Os preços do suíno vivo destinado à indústria continuaram em queda durante o mês de junho, acumulando o sexto mês consecutivo de desvalorização, segundo levantamento do Centro de Estudos Avançados em Economia Aplicada (Cepea).
Na região conhecida como SP-5, que engloba os municípios de Bragança Paulista, Campinas, Piracicaba, São Paulo e Sorocaba, as cotações atingiram o menor patamar desde julho de 2006 em valores reais, considerando a correção pelo IGP-DI de maio de 2026.

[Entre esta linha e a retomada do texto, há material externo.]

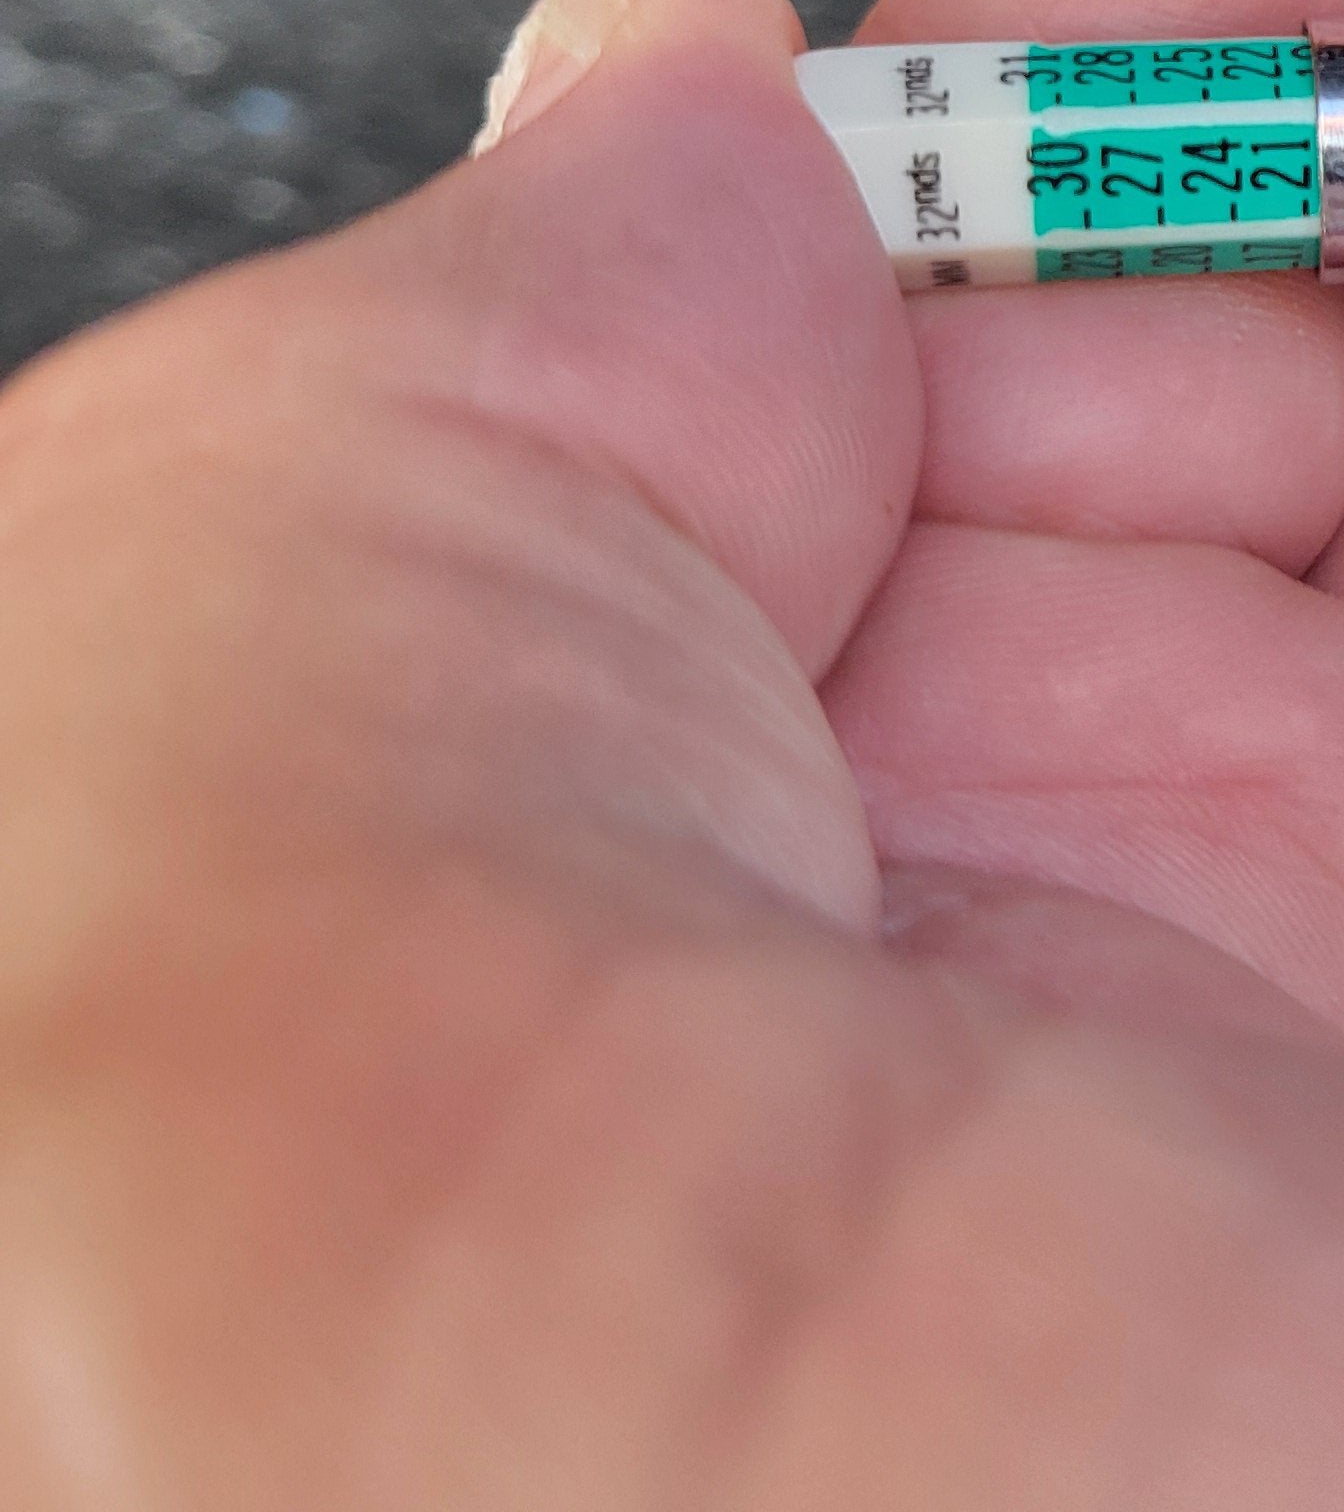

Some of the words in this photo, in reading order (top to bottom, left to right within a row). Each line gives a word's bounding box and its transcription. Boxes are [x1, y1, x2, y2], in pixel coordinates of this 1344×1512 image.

[999, 52, 1062, 85] 31
[1072, 49, 1137, 86] 28
[1153, 47, 1216, 82] 25
[1221, 45, 1284, 80] 22
[1027, 141, 1089, 196] 30
[1101, 146, 1165, 196] 27
[1181, 138, 1243, 194] 24
[1250, 139, 1312, 190] 21
[906, 151, 961, 242] 32nds
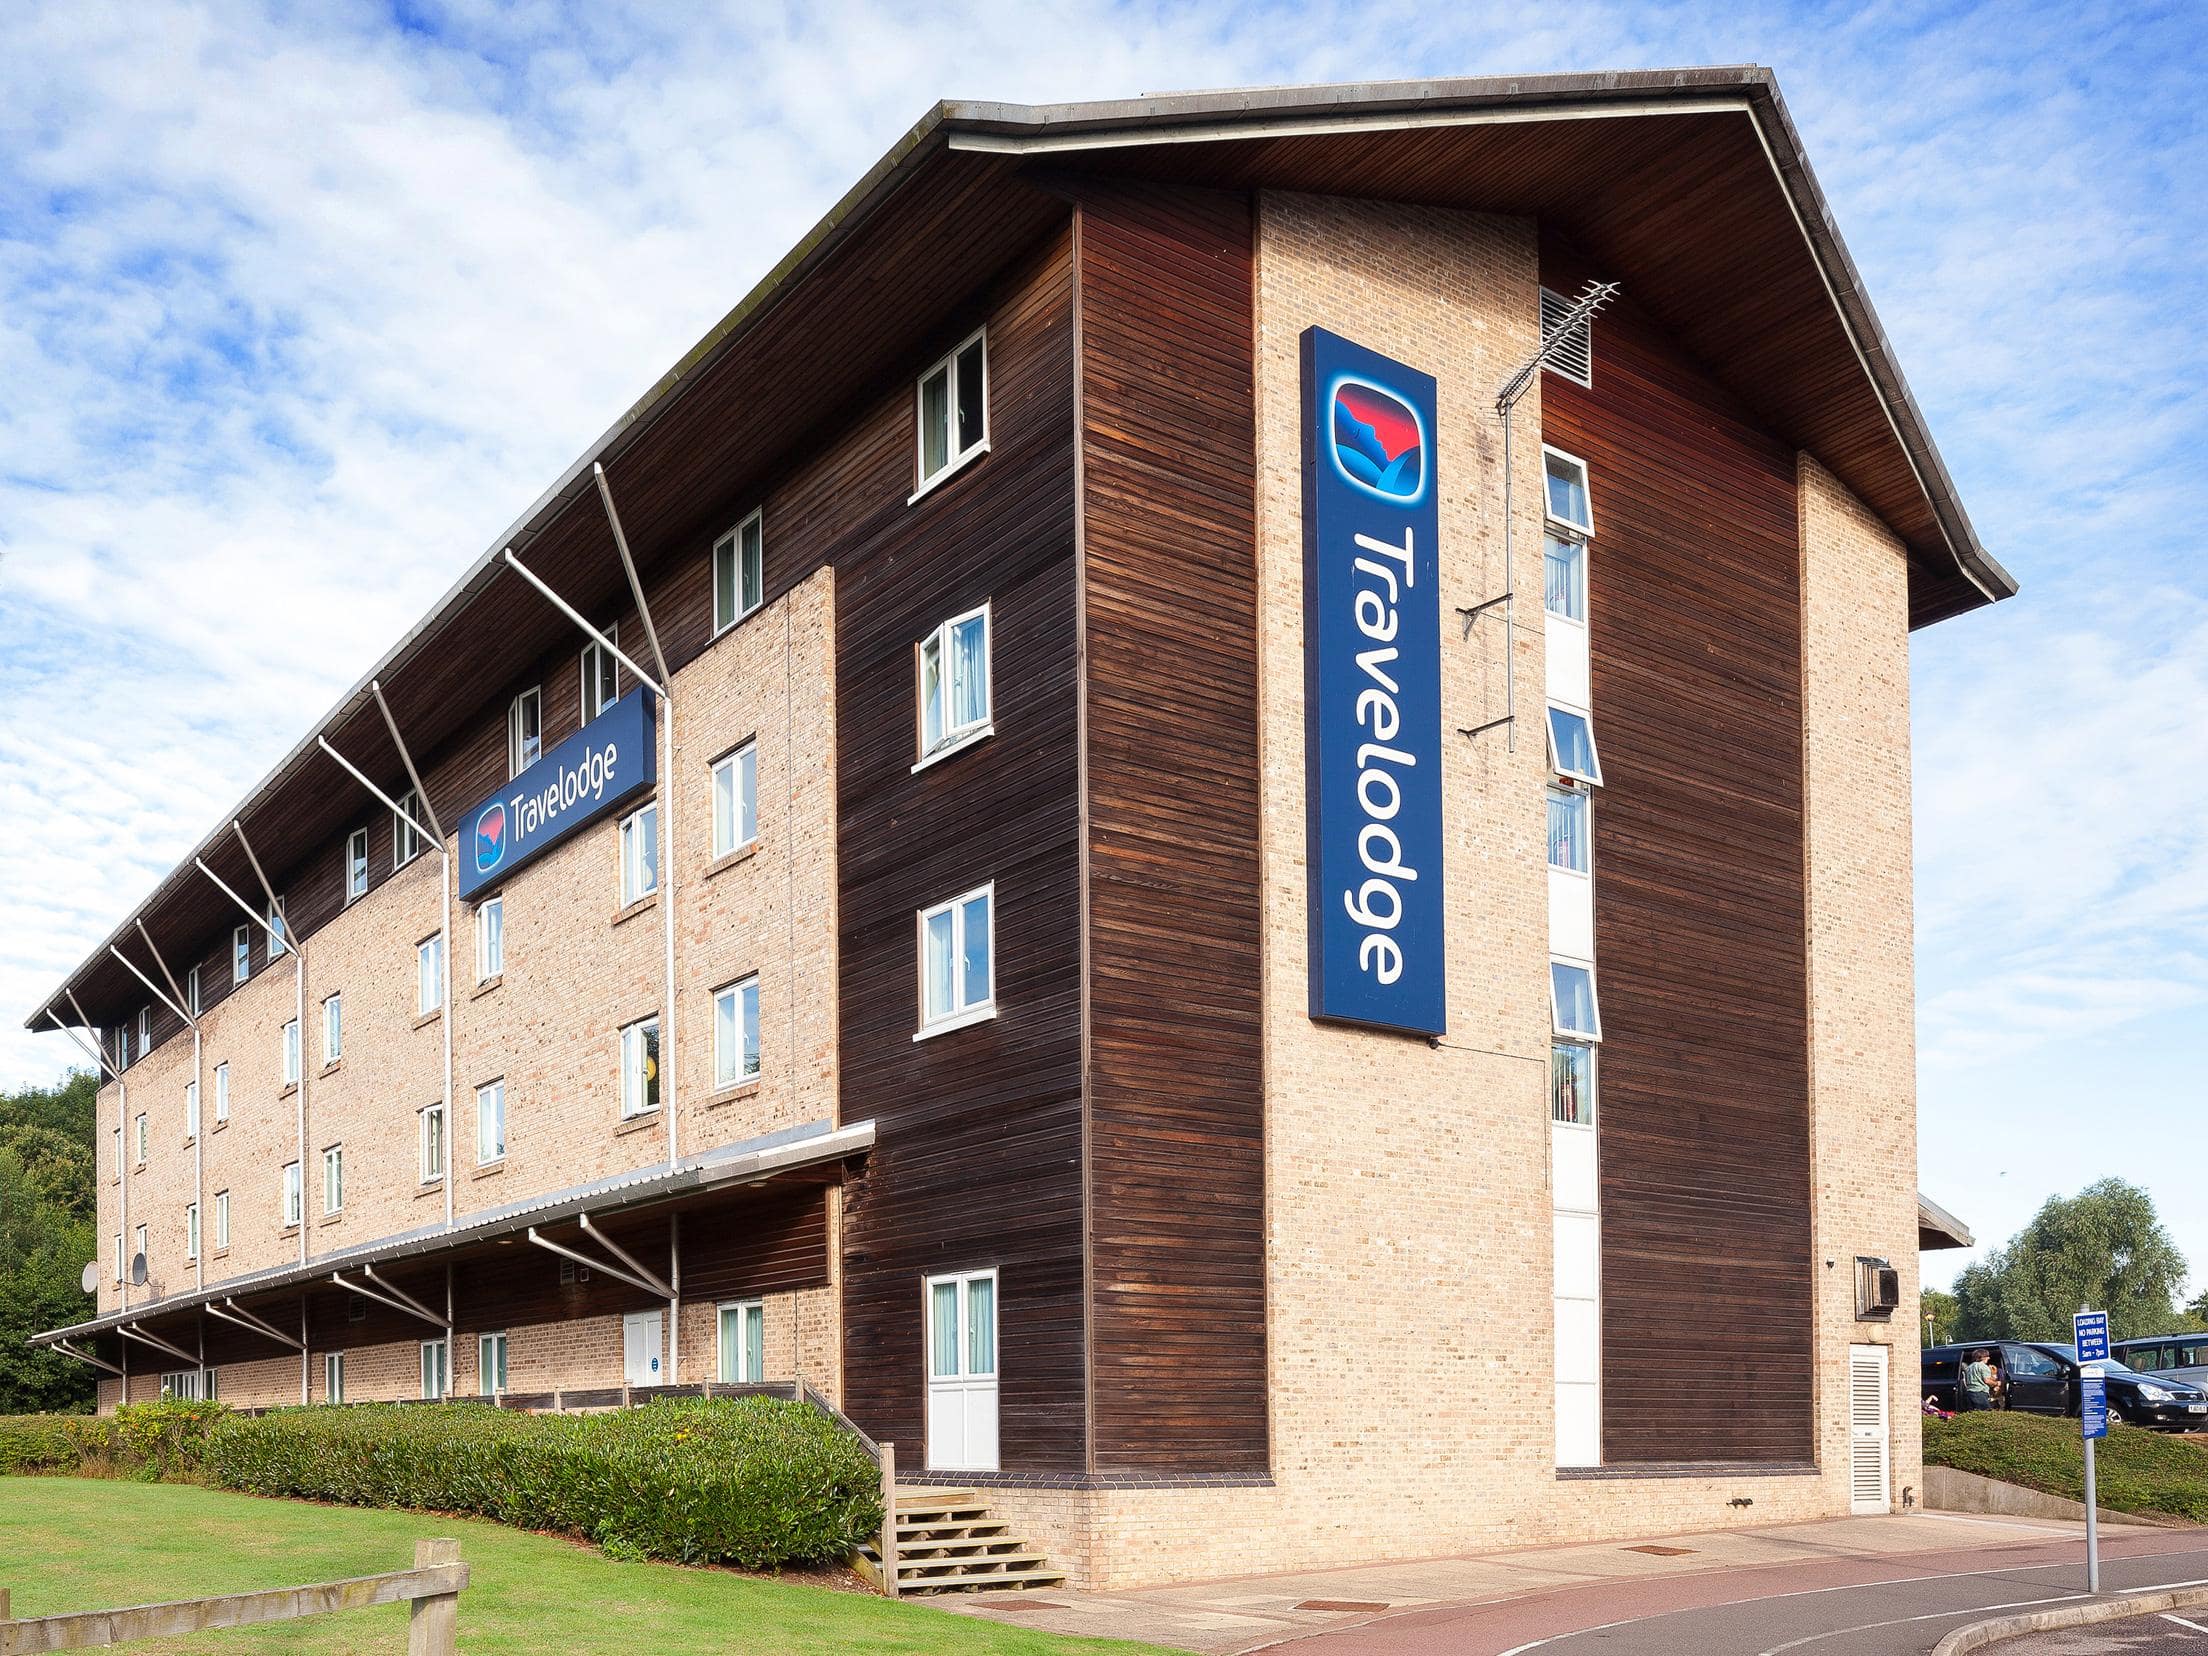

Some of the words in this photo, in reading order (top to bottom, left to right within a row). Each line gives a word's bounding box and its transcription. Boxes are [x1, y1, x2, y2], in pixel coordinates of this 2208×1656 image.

[1343, 527, 1417, 985] Travelodge
[511, 743, 617, 842] Travelodge
[2077, 1318, 2095, 1326] LOADING
[2096, 1316, 2104, 1324] BAY
[2086, 1328, 2104, 1336] PARKING
[2082, 1338, 2102, 1347] BETWEEN
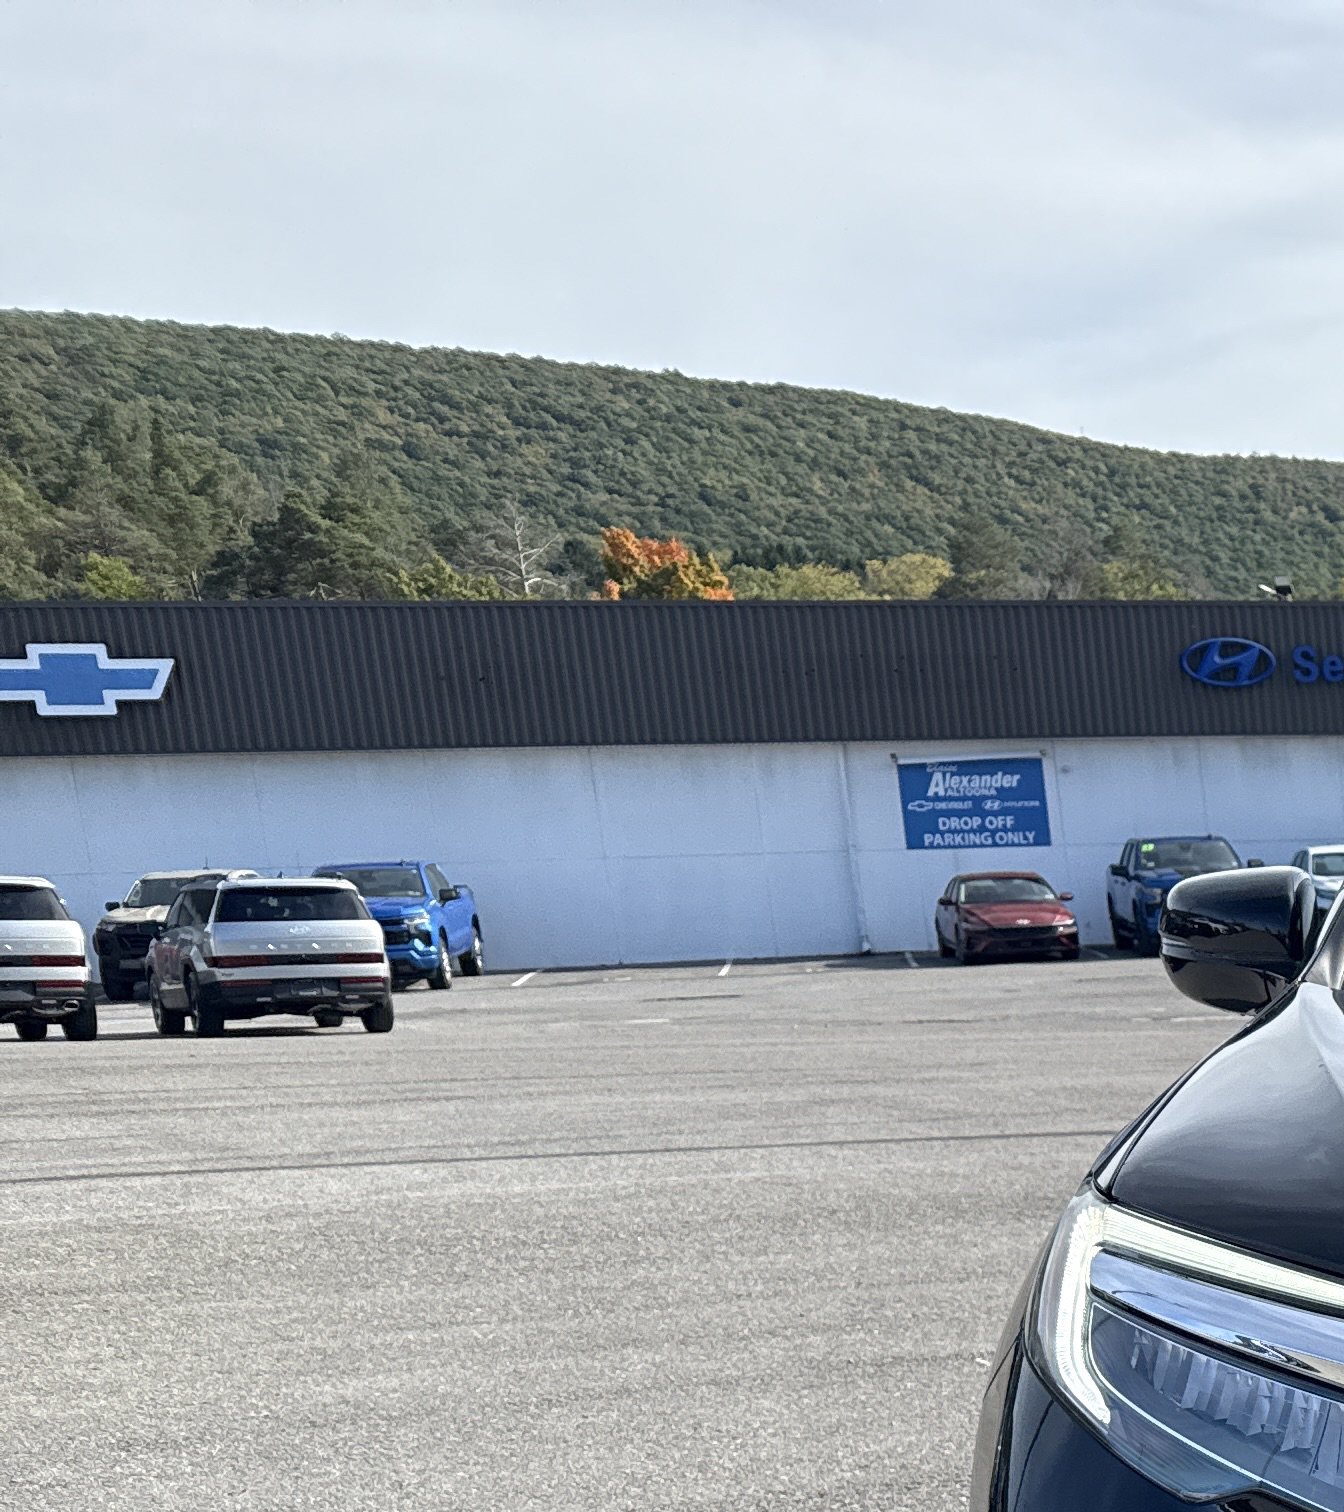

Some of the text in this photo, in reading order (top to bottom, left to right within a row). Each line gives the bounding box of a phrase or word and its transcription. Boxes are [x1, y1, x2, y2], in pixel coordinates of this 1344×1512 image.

[926, 771, 1021, 797] Alexander
[938, 815, 1015, 831] DROP OFF
[923, 831, 1036, 847] PARKING ONLY

A média registrada em junho foi de R$ 5,25 por quilo, valor 2,9% inferior ao observado em maio e 41,2% abaixo do registrado no mesmo período de 2025. O último preço inferior havia sido registrado em julho de 2006, quando o suíno era comercializado a R$ 5,14 por quilo na mesma região.
De acordo com o Cepea, o cenário reforça a tendência de queda observada desde o início deste ano. Pesquisadores destacam que o plantel de matrizes vem crescendo de forma contínua há cerca de quatro anos, aumentando a oferta de animais para abate.
Por outro lado, a demanda interna não acompanha esse ritmo de crescimento, enquanto as exportações ainda não têm sido suficientes para absorver o excedente de produção. Segundo o Centro de Pesquisas, esse desequilíbrio entre oferta e consumo continua pressionando as cotações do suíno vivo no mercado brasileiro.